> **Prompt**:
Would you please set down the data again exactly as given, excluding the pictures?

> **Given data**:

● ● ●

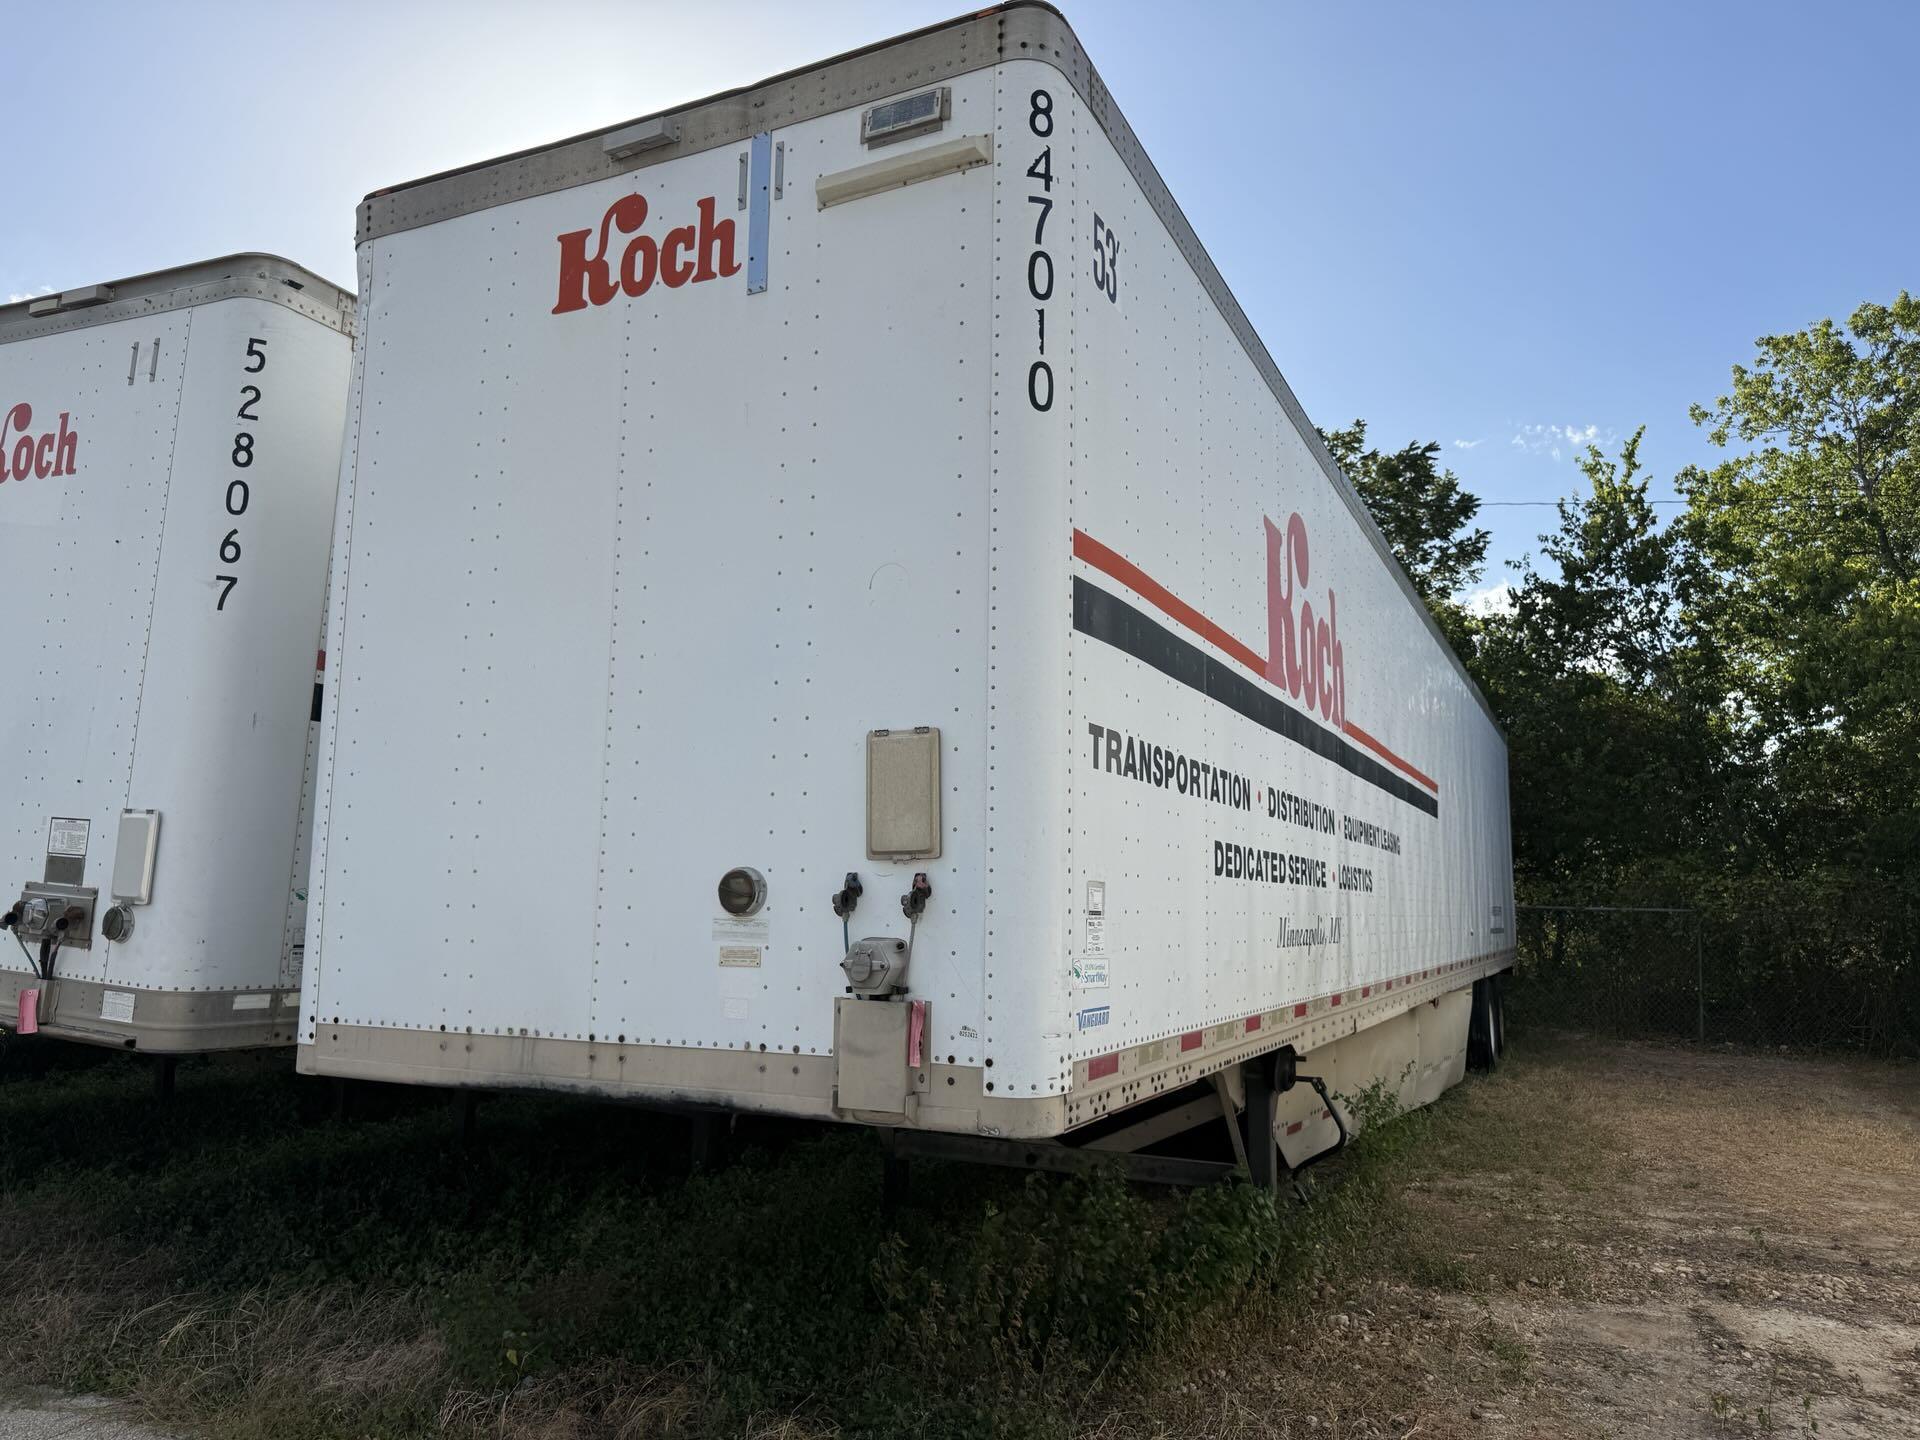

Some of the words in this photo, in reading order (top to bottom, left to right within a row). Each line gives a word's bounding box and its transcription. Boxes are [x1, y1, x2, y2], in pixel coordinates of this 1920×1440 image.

[551, 192, 742, 315] Koch
[1026, 89, 1055, 412] 847010
[1092, 211, 1121, 304] 53'
[215, 337, 268, 611] 528067
[1263, 511, 1346, 733] Koch
[1088, 722, 1251, 812] TRANSPORTATION
[1267, 786, 1336, 836] DISTRIBUTION
[1343, 814, 1380, 849] EQUIPMENT
[1380, 828, 1400, 856] LEASING
[1214, 840, 1287, 884] DEDICATED
[1288, 854, 1327, 888] SERVICE
[1338, 863, 1373, 893] LOGISTICS
[1075, 1005, 1111, 1031] VANGUARD
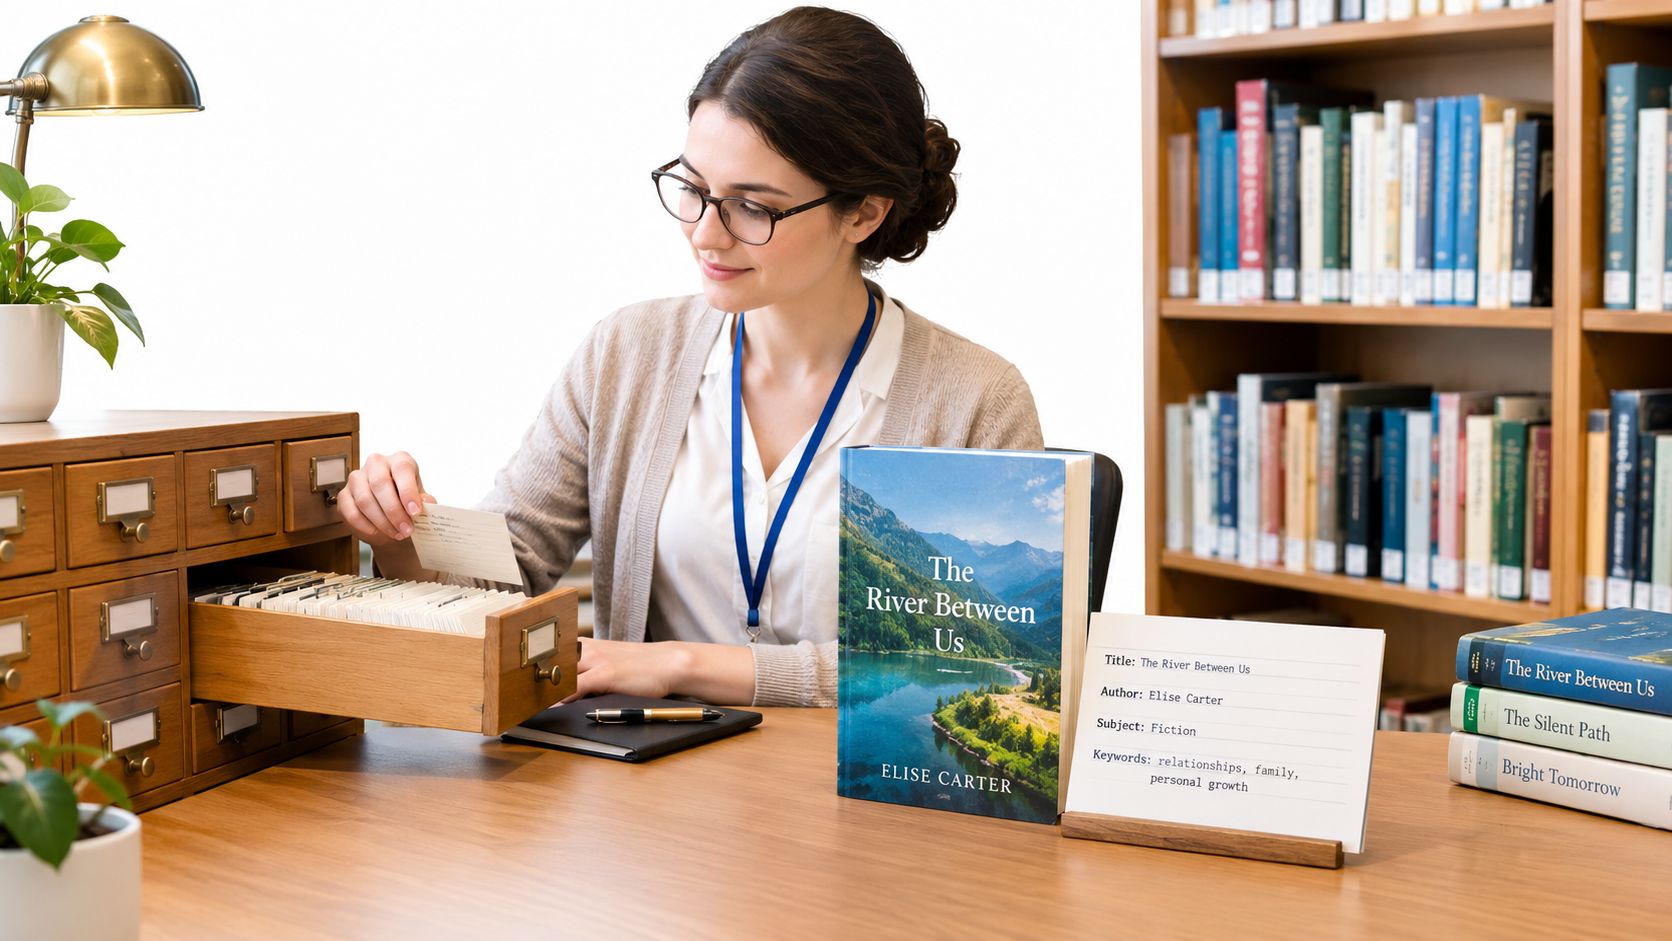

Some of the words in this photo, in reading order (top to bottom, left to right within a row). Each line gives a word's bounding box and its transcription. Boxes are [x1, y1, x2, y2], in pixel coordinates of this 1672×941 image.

[928, 555, 974, 583] The
[866, 587, 928, 615] River
[934, 592, 1036, 624] Between
[934, 628, 965, 653] Us
[1105, 654, 1136, 667] Title:
[1140, 657, 1158, 669] The
[1162, 659, 1191, 671] River
[1194, 661, 1235, 673] Between
[1238, 664, 1251, 675] Us
[1505, 658, 1532, 678] The
[1535, 663, 1572, 684] River
[1575, 669, 1633, 694] Between
[1637, 679, 1655, 698] Us
[1100, 686, 1143, 700] Author:
[1149, 690, 1181, 703] Elise
[1186, 693, 1223, 706] Carter
[1096, 718, 1145, 734] Subject:
[1151, 723, 1196, 737] Fiction
[1504, 708, 1530, 728] The
[1534, 714, 1574, 735] Silent
[1579, 721, 1610, 742] Path
[881, 763, 931, 784] ELISE
[938, 770, 1012, 794] CARTER
[1093, 749, 1151, 766] Keywords:
[1158, 756, 1247, 775] relationships,
[1255, 765, 1299, 780] family,
[1502, 758, 1544, 783] Bright
[1548, 768, 1621, 797] Tomorrow
[1150, 773, 1202, 788] personal
[1208, 778, 1249, 793] growth

● ● ●

> **Response below**:
Some of the words in this photo, in reading order (top to bottom, left to right within a row). Each line gives a word's bounding box and its transcription. Boxes are [x1, y1, x2, y2], in pixel coordinates of this 1920×1440 image.

[551, 192, 742, 315] Koch
[1026, 89, 1055, 412] 847010
[1092, 211, 1121, 304] 53'
[215, 337, 268, 611] 528067
[1263, 511, 1346, 733] Koch
[1088, 722, 1251, 812] TRANSPORTATION
[1267, 786, 1336, 836] DISTRIBUTION
[1343, 814, 1380, 849] EQUIPMENT
[1380, 828, 1400, 856] LEASING
[1214, 840, 1287, 884] DEDICATED
[1288, 854, 1327, 888] SERVICE
[1338, 863, 1373, 893] LOGISTICS
[1075, 1005, 1111, 1031] VANGUARD

Some of the words in this photo, in reading order (top to bottom, left to right within a row). Each line gives a word's bounding box and its transcription. Boxes are [x1, y1, x2, y2], in pixel coordinates of this 1672×941 image.

[928, 555, 974, 583] The
[866, 587, 928, 615] River
[934, 592, 1036, 624] Between
[934, 628, 965, 653] Us
[1105, 654, 1136, 667] Title:
[1140, 657, 1158, 669] The
[1162, 659, 1191, 671] River
[1194, 661, 1235, 673] Between
[1238, 664, 1251, 675] Us
[1505, 658, 1532, 678] The
[1535, 663, 1572, 684] River
[1575, 669, 1633, 694] Between
[1637, 679, 1655, 698] Us
[1100, 686, 1143, 700] Author:
[1149, 690, 1181, 703] Elise
[1186, 693, 1223, 706] Carter
[1096, 718, 1145, 734] Subject:
[1151, 723, 1196, 737] Fiction
[1504, 708, 1530, 728] The
[1534, 714, 1574, 735] Silent
[1579, 721, 1610, 742] Path
[881, 763, 931, 784] ELISE
[938, 770, 1012, 794] CARTER
[1093, 749, 1151, 766] Keywords:
[1158, 756, 1247, 775] relationships,
[1255, 765, 1299, 780] family,
[1502, 758, 1544, 783] Bright
[1548, 768, 1621, 797] Tomorrow
[1150, 773, 1202, 788] personal
[1208, 778, 1249, 793] growth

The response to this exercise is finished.